Question

svlc algebra 1a - standard (15260)
modeling with two - variable linear inequalities
representing a scenario with a two - variable linear inequality
felix bought ( x ) pounds of grapes that cost $1.25 per pound and ( y ) boxes of cereal that cost $2.50 per box. he spent less than $10. which graph represents this scenario?

Explanation:

Step1: Formulate the inequality

The cost of grapes is \(1.25x\) dollars (since \(x\) pounds at \(\$1.25\) per pound) and the cost of cereal is \(2.50y\) dollars (since \(y\) boxes at \(\$2.50\) per box). He spent less than \(\$10\), so the inequality is \(1.25x + 2.50y < 10\).

Step2: Rewrite in slope - intercept form (\(y = mx + b\))

First, isolate \(y\):
\[

$$\begin{align*} 2.50y&< - 1.25x + 10\\ y&<\frac{-1.25}{2.50}x+\frac{10}{2.50}\\ y&< - 0.5x + 4 \end{align*}$$

\]
The boundary line is \(y=-0.5x + 4\) (dashed line because the inequality is strict, \(<\) not \(\leq\)). The slope is \(- 0.5\) (negative, so the line should be decreasing) and the \(y\) - intercept is \(4\).

Step3: Determine the region to shade

We test the origin \((0,0)\) in the inequality \(1.25x + 2.50y < 10\). Substituting \(x = 0\) and \(y = 0\), we get \(0+0<10\), which is true. So we shade the region that includes the origin.

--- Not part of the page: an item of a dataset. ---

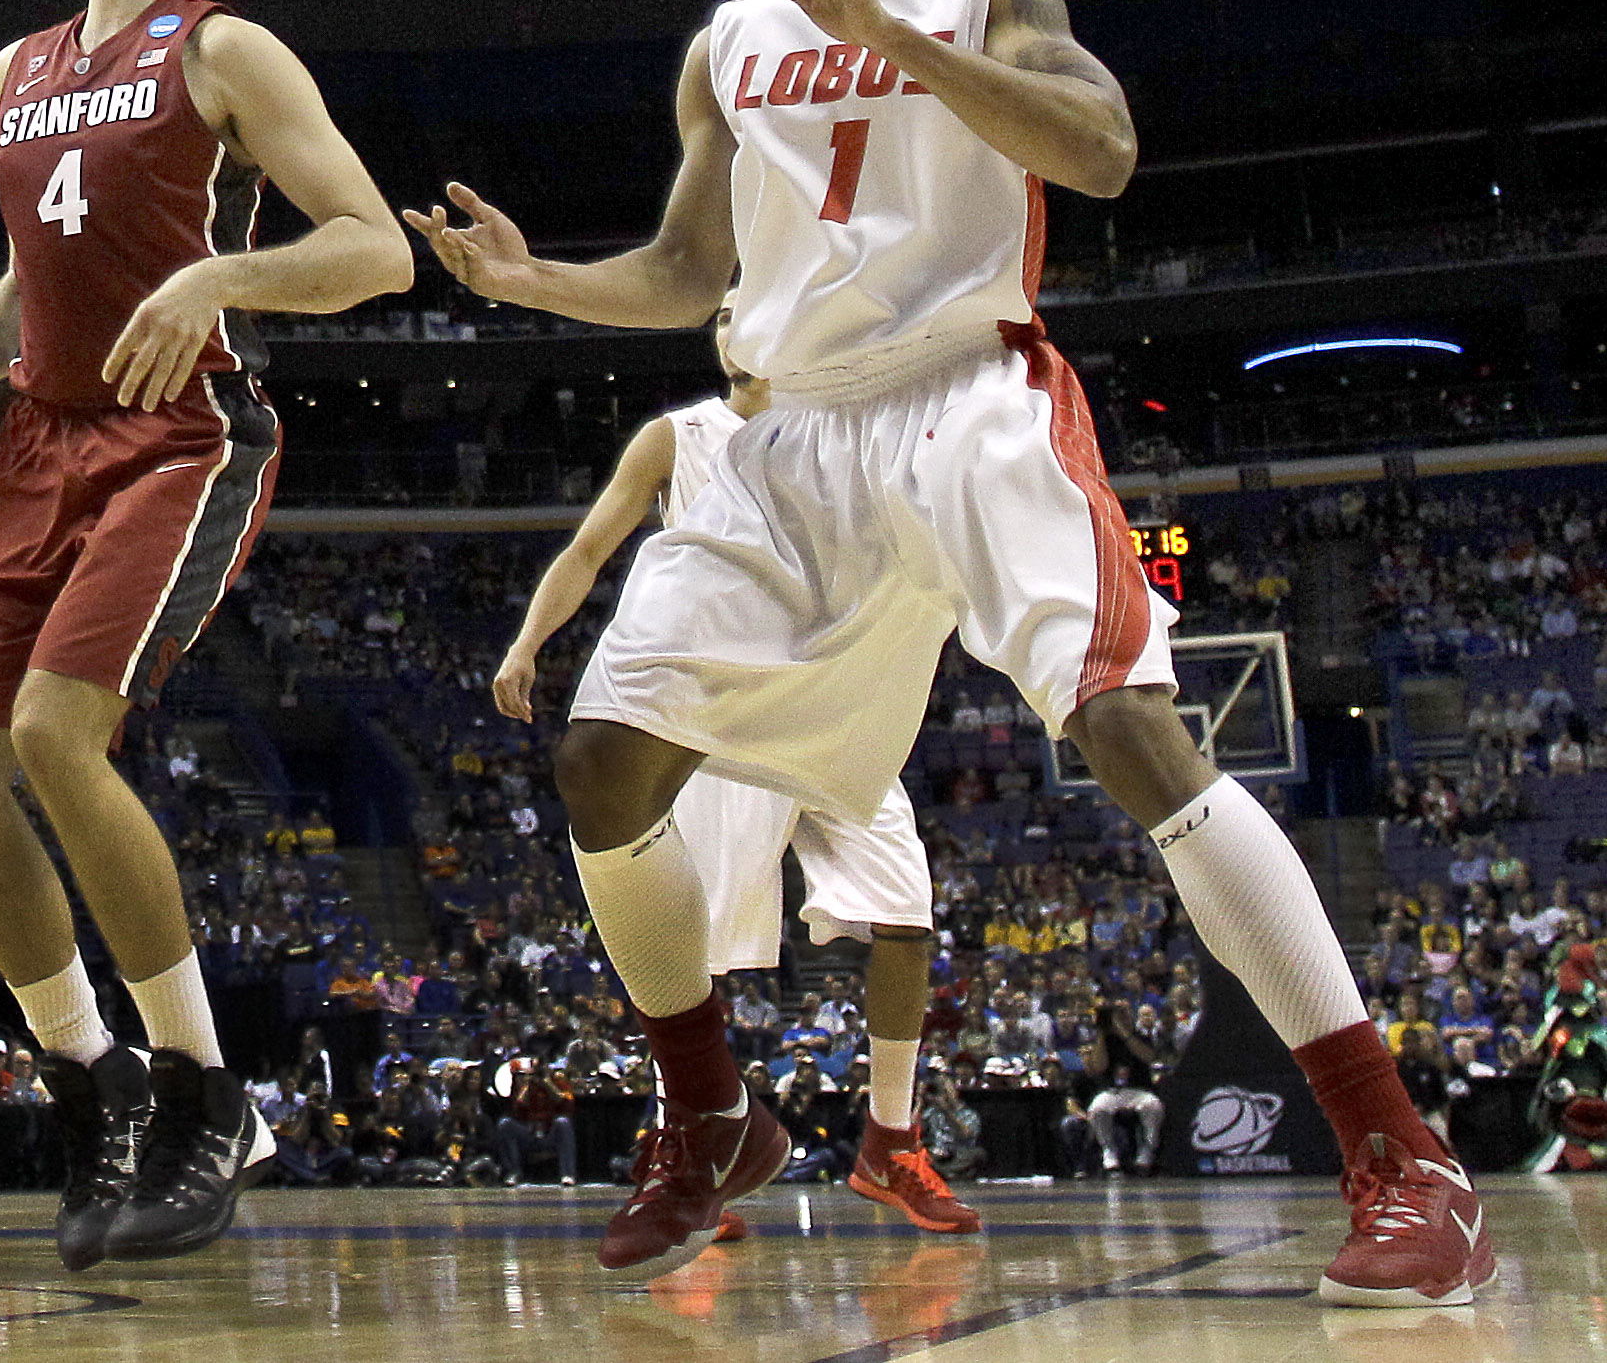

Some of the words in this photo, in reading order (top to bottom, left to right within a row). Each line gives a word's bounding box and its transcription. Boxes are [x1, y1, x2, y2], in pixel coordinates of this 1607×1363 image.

Now, let's analyze the graphs:

• The line \(y=-0.5x + 4\) has a negative slope and \(y\) - intercept of \(4\). So we can eliminate the graphs with positive - sloped lines (the bottom two graphs).
• Between the top two graphs, the one that shades the region including the origin (since \((0,0)\) satisfies the inequality) is the first top graph (the one with the white region not including the origin? Wait, no. Wait, the inequality is \(y < - 0.5x+4\). So the region below the line. Let's check the origin \((0,0)\): \(0 < - 0.5(0)+4=4\), which is true. So the region below the line (dashed line) and including the origin. The first top graph: the line is dashed (correct for \(<\)), and the shaded region? Wait, maybe I mixed up. Wait, the first top graph has a dashed line and the shaded region is above or below? Wait, no, let's re - express the inequality. The line \(y=-0.5x + 4\): when \(x = 0\), \(y = 4\); when \(y = 0\), \(x = 8\). Wait, maybe the graphs are scaled. Wait, in the given graphs, the \(x\) and \(y\) axes go from \(- 4\) to \(4\). Let's find two points on the line \(y=-0.5x + 4\) within the graph's range. When \(x = 0\), \(y = 4\); when \(x = 8\), \(y = 0\), but in the graph, \(x\) and \(y\) go up to \(4\). So when \(x = 4\), \(y=-0.5(4)+4=-2 + 4 = 2\). So the line passes through \((0,4)\) and \((4,2)\) (dashed line). The inequality is \(y < - 0.5x + 4\), so we shade below the line. The origin \((0,0)\) is below the line (since \(0<4\) and when \(x = 0\), the line is at \(y = 4\)), so the region including the origin (the first top graph: the white area is outside, the shaded area? Wait, maybe the first top graph has the shaded region below the line (including the origin) and the second top graph has the shaded region above. Wait, no, let's check the two top graphs. The first top graph: the line is dashed, going from \((0,4)\) to \((4,2)\), and the shaded region is the area that includes the origin (the area below the line). The second top graph has the shaded region above the line (which would not include the origin, since \((0,0)\) is below the line). So the correct graph is the first top graph (the one with the dashed line from \((0,4)\) to \((4,2)\) and the shaded region below the line, including the origin).

Answer:

The first top graph (the one with the dashed line, negative slope, \(y\) - intercept at \(4\), and the shaded region including the origin). (Assuming the first top graph is the one on the top - left, with the dashed line and the white area outside the shaded region? Wait, maybe the user's graphs: the first top graph has a dashed line and the shaded region is the area that is below the line (including \((0,0)\)). So the answer is the top - left graph (the first one in the top row).